Who can use this letter
- You already sent a written claim to the airline (UK261, denied boarding, or baggage) and either received a rejection you disagree with, or heard nothing after 8 weeks
- Your airline is a member of an approved ADR scheme — check the airline's complaints page or the CAA's published list
Before you send it
- Check which scheme your airline uses: British Airways, Virgin Atlantic, and TUI use CEDR (cedr.com/consumers/aviation); easyJet, Jet2, and Ryanair use Aviation ADR. Always verify against the airline's own complaints page or the CAA register, as memberships change.
- Have your original claim letter, the airline's rejection (or proof you waited 8 weeks with no reply), and all supporting evidence ready to attach.
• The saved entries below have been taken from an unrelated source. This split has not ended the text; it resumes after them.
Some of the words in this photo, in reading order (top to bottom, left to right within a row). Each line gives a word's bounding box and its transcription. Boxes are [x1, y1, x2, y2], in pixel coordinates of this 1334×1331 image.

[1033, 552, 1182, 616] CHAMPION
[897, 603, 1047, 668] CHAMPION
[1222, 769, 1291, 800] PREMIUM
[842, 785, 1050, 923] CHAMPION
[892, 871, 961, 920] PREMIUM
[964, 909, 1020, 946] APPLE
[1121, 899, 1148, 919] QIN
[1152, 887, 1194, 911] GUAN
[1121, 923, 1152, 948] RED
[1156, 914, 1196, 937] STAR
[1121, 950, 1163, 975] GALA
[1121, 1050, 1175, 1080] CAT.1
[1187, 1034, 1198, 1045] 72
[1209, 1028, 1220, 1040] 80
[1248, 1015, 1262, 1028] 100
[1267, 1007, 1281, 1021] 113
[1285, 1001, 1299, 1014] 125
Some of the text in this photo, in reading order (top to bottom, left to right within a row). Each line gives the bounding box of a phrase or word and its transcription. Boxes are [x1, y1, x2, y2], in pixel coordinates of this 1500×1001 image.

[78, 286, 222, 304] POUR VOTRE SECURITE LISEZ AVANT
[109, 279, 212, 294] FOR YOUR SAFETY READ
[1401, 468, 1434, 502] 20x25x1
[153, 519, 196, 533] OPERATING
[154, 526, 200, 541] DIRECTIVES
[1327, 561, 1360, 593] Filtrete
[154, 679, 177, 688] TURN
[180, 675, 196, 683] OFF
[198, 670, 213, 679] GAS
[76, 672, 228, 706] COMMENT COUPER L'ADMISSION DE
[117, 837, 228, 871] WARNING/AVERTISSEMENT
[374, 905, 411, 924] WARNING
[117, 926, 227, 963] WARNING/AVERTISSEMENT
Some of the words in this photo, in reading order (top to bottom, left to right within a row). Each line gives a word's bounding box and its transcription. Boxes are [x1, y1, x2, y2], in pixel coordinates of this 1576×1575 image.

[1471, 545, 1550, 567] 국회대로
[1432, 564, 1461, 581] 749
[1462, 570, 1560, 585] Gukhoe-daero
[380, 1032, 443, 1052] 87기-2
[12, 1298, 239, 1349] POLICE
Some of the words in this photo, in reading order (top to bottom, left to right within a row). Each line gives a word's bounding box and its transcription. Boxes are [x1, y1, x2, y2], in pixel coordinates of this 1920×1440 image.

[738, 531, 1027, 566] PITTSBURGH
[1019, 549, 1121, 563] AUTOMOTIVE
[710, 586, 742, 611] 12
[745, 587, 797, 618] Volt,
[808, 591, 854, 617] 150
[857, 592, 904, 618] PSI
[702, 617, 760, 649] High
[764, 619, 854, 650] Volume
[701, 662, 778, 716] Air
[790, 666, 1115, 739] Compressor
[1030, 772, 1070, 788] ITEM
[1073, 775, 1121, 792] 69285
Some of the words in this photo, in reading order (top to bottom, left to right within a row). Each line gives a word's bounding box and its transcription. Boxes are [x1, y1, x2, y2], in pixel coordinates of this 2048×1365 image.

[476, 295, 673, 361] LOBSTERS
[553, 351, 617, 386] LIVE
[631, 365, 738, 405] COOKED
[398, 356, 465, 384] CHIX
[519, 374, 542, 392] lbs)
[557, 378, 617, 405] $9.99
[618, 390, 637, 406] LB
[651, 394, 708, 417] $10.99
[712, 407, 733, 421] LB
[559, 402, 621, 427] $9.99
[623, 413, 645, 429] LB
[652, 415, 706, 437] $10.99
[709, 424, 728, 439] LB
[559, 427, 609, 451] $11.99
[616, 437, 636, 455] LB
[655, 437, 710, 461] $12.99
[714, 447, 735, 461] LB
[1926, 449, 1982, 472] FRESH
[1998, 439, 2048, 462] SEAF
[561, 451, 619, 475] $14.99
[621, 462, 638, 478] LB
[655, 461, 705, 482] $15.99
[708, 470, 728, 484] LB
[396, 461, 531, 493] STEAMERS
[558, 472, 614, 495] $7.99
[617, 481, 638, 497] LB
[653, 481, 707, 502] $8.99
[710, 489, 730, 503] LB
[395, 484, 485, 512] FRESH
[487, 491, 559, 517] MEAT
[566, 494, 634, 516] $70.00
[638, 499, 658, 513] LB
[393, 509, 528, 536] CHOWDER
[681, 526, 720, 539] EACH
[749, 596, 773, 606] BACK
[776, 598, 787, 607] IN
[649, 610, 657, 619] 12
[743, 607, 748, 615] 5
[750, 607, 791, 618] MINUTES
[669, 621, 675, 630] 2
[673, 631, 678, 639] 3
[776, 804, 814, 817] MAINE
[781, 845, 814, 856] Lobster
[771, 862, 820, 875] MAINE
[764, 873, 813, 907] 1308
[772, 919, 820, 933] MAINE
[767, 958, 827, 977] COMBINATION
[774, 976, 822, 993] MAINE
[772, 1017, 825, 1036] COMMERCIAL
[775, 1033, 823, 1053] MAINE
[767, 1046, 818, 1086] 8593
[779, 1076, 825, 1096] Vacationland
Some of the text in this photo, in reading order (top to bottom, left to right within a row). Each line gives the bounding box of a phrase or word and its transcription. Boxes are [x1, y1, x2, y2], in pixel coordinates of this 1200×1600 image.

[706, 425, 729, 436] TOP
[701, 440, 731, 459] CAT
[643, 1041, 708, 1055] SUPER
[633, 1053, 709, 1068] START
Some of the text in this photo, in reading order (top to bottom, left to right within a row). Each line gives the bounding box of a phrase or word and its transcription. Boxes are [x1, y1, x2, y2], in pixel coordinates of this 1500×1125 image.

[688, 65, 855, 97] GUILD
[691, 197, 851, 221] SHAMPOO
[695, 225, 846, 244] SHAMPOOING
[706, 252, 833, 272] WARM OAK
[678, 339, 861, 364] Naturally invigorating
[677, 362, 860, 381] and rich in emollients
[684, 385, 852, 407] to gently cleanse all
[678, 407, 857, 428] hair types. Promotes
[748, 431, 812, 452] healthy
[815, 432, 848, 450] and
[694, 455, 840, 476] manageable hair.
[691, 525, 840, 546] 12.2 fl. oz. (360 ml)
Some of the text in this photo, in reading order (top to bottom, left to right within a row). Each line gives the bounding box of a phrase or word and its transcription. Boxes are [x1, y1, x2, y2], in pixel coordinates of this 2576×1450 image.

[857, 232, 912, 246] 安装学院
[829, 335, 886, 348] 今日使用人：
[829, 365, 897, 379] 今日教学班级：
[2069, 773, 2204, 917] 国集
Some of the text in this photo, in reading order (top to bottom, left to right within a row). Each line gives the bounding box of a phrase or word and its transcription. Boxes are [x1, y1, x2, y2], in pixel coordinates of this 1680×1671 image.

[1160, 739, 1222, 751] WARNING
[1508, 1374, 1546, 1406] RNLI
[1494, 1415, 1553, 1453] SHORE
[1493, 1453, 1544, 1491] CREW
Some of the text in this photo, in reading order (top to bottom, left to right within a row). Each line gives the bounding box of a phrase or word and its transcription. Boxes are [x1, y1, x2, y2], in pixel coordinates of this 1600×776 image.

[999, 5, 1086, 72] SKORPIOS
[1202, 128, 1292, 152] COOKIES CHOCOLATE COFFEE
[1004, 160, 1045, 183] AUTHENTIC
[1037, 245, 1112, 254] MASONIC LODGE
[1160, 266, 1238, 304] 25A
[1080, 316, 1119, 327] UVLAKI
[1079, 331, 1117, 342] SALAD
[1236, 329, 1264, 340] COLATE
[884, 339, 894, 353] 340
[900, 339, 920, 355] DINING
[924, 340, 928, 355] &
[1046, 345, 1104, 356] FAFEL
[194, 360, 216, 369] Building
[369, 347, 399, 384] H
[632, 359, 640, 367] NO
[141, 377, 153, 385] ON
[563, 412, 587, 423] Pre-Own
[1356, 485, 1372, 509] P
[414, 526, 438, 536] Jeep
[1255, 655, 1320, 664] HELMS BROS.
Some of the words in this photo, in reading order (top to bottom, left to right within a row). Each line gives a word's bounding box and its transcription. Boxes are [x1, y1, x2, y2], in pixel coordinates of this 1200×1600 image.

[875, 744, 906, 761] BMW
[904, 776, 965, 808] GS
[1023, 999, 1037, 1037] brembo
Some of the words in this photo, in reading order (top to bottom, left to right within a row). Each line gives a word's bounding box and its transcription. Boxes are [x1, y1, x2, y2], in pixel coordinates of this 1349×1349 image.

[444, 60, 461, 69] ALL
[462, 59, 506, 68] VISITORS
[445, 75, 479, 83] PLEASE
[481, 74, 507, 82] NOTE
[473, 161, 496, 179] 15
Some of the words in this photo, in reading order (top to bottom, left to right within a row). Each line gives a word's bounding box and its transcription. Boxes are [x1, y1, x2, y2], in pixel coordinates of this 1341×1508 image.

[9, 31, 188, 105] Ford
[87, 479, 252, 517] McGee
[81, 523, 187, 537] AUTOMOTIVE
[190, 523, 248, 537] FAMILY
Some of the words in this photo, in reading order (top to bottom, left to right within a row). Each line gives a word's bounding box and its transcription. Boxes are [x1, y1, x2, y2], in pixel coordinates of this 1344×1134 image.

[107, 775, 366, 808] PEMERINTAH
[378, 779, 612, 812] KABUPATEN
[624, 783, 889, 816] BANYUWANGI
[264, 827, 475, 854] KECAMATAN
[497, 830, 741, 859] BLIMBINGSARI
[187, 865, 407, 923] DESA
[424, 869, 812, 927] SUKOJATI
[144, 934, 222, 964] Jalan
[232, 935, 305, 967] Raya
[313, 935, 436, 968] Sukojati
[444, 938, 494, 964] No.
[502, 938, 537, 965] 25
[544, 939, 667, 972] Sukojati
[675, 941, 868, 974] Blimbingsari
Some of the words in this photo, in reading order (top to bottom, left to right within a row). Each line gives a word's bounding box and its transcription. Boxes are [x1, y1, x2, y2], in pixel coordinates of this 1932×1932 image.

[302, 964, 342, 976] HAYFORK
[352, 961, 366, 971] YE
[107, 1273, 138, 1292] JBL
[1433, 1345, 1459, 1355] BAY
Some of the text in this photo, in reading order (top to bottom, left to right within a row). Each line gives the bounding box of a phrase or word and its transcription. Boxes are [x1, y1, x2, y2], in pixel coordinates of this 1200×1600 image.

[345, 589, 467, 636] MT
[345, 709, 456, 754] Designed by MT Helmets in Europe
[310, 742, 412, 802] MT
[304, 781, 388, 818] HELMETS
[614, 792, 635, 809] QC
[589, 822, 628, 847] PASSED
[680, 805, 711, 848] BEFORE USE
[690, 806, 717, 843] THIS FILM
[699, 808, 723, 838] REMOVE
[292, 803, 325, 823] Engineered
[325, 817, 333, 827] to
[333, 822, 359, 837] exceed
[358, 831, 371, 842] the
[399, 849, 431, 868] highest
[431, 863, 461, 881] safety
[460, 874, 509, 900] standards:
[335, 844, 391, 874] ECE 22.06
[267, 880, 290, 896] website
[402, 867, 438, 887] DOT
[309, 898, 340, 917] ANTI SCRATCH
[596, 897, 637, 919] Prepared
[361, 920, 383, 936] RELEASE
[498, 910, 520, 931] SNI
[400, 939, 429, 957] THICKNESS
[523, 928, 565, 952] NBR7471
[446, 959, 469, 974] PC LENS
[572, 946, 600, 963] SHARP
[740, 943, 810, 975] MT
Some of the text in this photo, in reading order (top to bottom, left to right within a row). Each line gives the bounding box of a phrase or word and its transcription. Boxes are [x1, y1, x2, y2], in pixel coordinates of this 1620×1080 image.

- Note that if your airline is not a member of any ADR scheme, you will need to complain to the CAA instead, or consider the small claims court.
The template
Fill in every [BRACKETED] field with your own details before sending — do not send
this letter with placeholders still in it.
How to send it
- Submit through the ADR scheme's own online portal (cedr.com/consumers/aviation or aviationadr.org.uk) — most schemes require the case to start there rather than by post.
- Attach your original claim letter and the airline's response (or evidence of no response after 8 weeks).
- Attach all supporting evidence — booking confirmations, boarding passes, PIR references, receipts.
If you don't get a response
If your airline is not a member of any approved ADR scheme, complain to the Civil Aviation Authority instead, or consider the small claims court (Money Claim Online in England and Wales handles individual claims up to £10,000 without needing a solicitor).